Highly Efficient Removal of Methylene Blue Dye from An Aqueous Solution Using Polyvinylidene Fluoride (PVDF) Membranes Modified by Graphene Oxide Nano particles/Polyvinyl Alcohol (GONs/PVA)

This research fabricated polyvinylidene fluoride (PVDF) membranes through application of graphene oxide nanoparticles (GONPs)/polyvinyl alcohol (PVA) coating using dip-coating technique followed by glutaraldehyde-mediated cross-linking. Glutaraldehyde (GA) served as cross-linking reagent, enhancing membrane coating's thermal alongside chemical durability. GONPs integration within the coating increased membrane hydrophilicity plus dye separation capabilities throughout filtration processes. Membrane contact angles reduced from 85° down to 55°. GO nanoparticle layers deposited onto PVDF membranes reduced fouling phenomena relative to unmodified PVDF surfaces. PVDF/GONPs (0.5wt%) membrane fouling resistance exhibited superior flux recovery values (84.2%) versus unmodified PVDF (39.3%).
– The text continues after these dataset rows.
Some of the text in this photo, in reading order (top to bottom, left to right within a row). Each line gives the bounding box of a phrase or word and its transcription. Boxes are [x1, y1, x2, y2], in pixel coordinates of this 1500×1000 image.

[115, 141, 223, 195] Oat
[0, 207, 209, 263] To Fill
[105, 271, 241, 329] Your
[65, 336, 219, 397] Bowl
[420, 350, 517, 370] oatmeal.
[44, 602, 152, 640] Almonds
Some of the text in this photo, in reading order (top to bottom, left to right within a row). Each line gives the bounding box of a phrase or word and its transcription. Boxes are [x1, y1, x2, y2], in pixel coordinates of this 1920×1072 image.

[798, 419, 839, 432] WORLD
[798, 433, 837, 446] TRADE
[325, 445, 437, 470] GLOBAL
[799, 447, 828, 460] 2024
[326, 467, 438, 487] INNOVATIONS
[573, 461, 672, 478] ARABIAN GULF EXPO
Modified membrane effectiveness treating cationic dye-methylene blue (MB) pollutant underwent systematic assessment through varying GONPs concentrations. Findings revealed MB ⁺ dye elimination rates rose from 45.3% using uncoated PVDF membranes reaching 91.8% employing GONPs-coated PVDF membranes. MB ⁺ dye elimination rapidly escalated within initial 60-minute exposure period because GO-nanoparticles possess excellent electrical properties, functional surface groups, plus considerable surface area during initial processing stages. This investigation offers an effective approach toward improving polymeric membranes, providing a practical plus expandable method addressing cationic MB elimination within wastewater remediation systems.